The change of sign method was the simplest available to me and was very quick and easy to use. Unlike the two other methods there were no formula required. Each time I repeated the method the solution became more accurate and the route's accuracy increased to another significant figure was found. The method is reliable in most cases but if a turning point is discovered to be at y=0 or there are two routes within one interval on a graphical projection of the equation then it fails due there being no change of sign in the equation. One disadvantage of the method is that an approximate value of the route needs to be known, so a graph must first be plotted. The convergence time to the routes is relatively fast but it does require a great deal of work. If this method was to be done manually it would take a great deal of time more so than if it is done on excel due to the benefits of excel I have already mentioned.
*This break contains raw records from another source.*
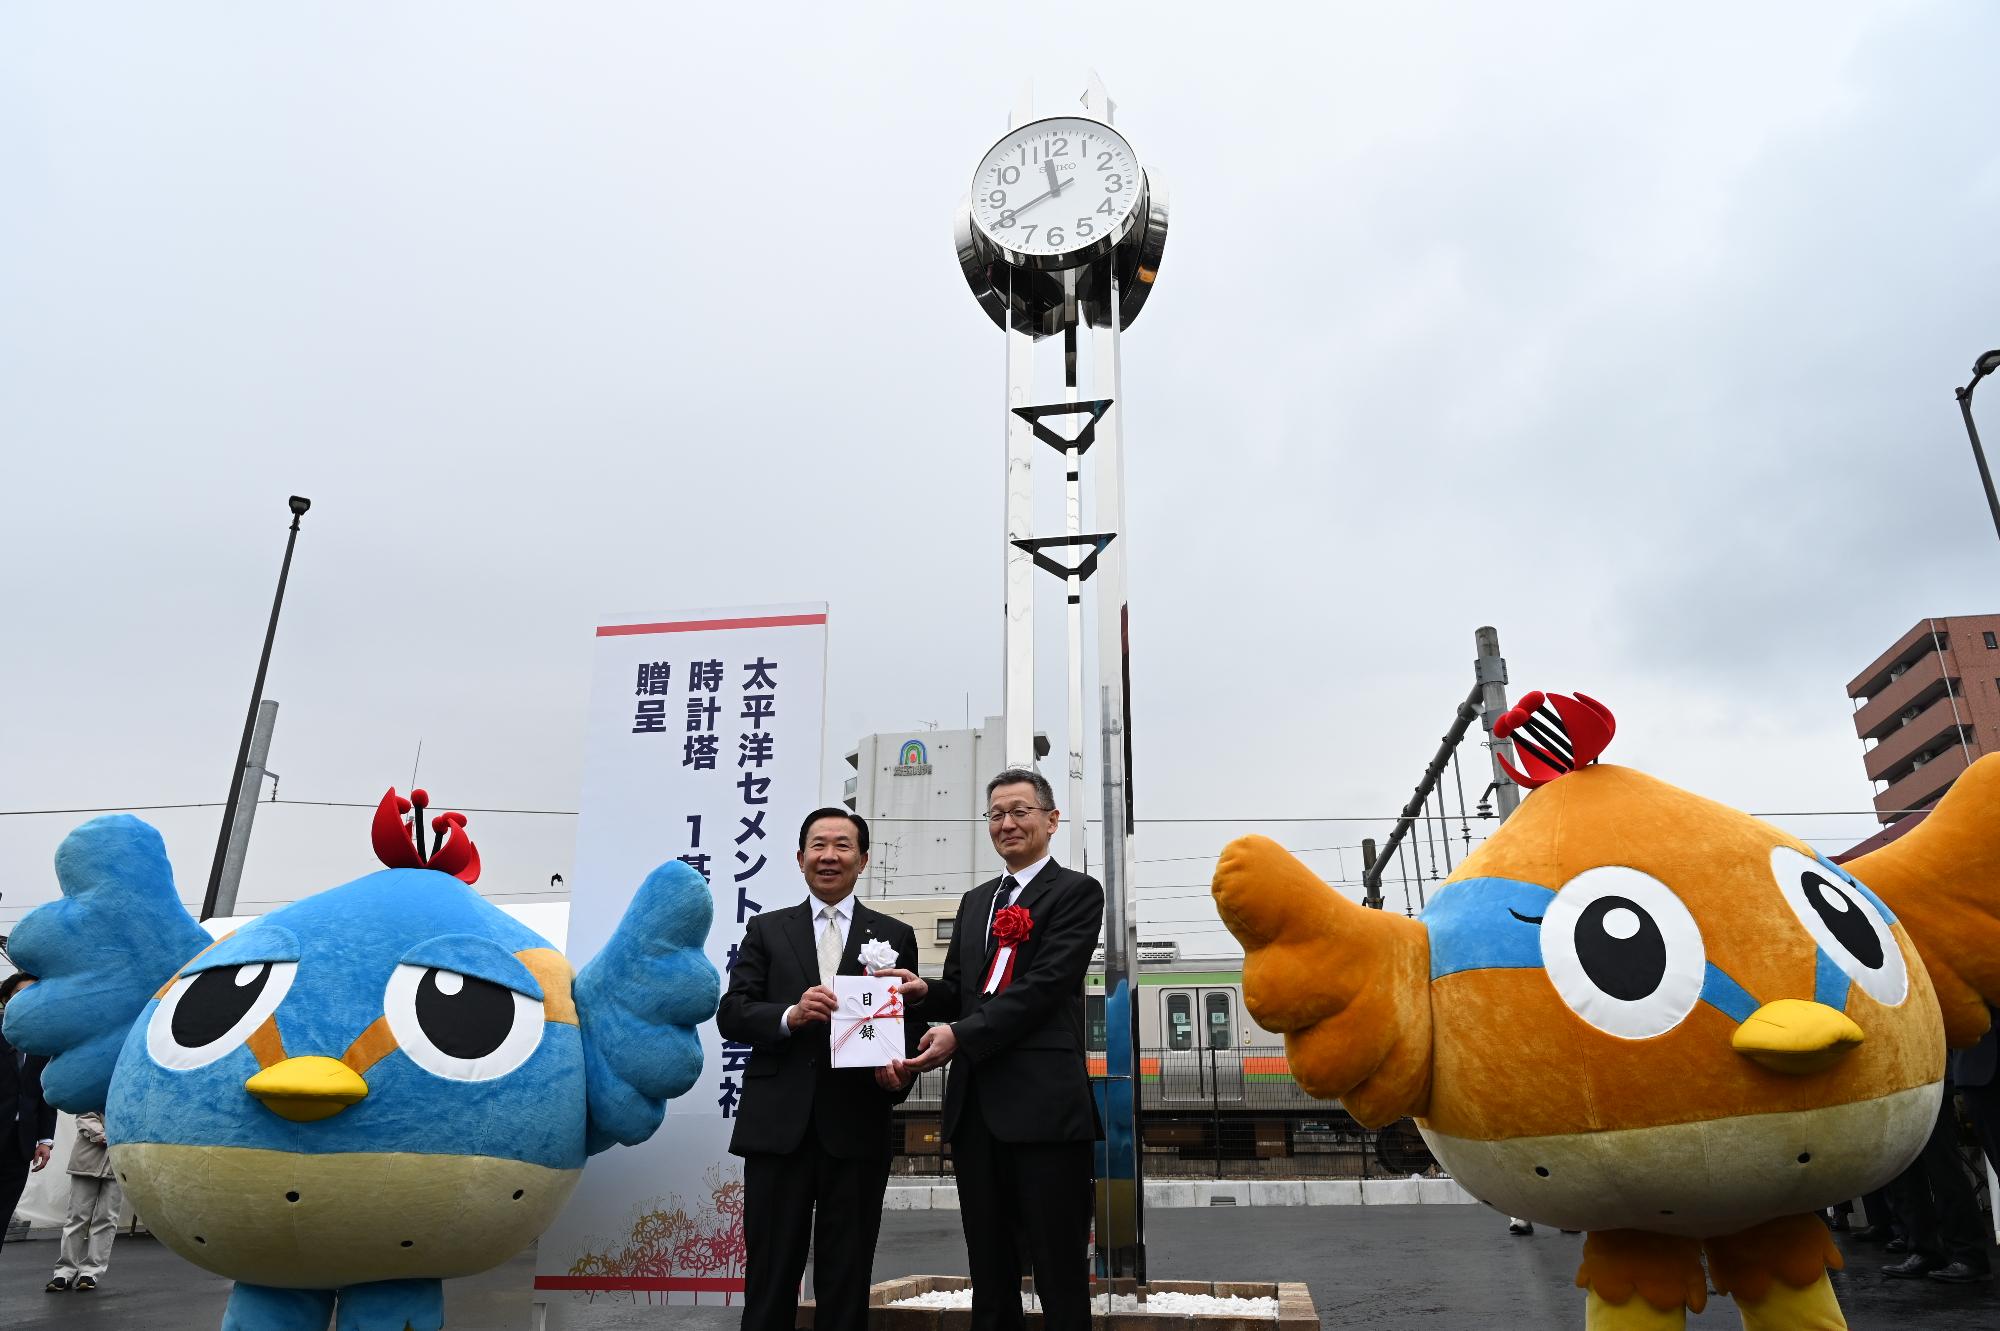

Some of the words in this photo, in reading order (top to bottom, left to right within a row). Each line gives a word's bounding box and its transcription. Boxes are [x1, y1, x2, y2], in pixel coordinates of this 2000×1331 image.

[1021, 146, 1038, 166] 11
[1044, 138, 1068, 157] 12
[1081, 139, 1087, 158] 1
[1039, 162, 1077, 174] SIKO
[1096, 151, 1114, 171] 2
[997, 165, 1021, 186] 10
[1104, 173, 1123, 194] 3
[988, 189, 1007, 210] 9
[1096, 197, 1116, 217] 4
[998, 209, 1017, 229] 8
[1075, 216, 1094, 237] 5
[1020, 224, 1039, 245] 7
[1046, 226, 1065, 247] 6
[631, 661, 671, 734] 贈呈
[682, 658, 724, 771] 時計塔
[734, 656, 778, 924] 太平洋セメント
The final method of rearrangement was relatively easy to use and there were no major calculations that needed to be done apart from the rearrangement at the beginning that did not prove to be too difficult. I did find however that it seemed to tend to the strongest route and would ignore the weaker routes when they are required and still tend to the stronger ones. Also as we already know when a route has a gradient lager than 1 or less than –1 the formula did not work because it couldn’t find the route and so failed. I found it the least successful of the methods although it could be used to find an accurate route quickly it often failed. The time in which it takes to use the method is greatly increased by the use of excel like both other methods, if it were to be used manually, again like both other methods, it would be very time consuming.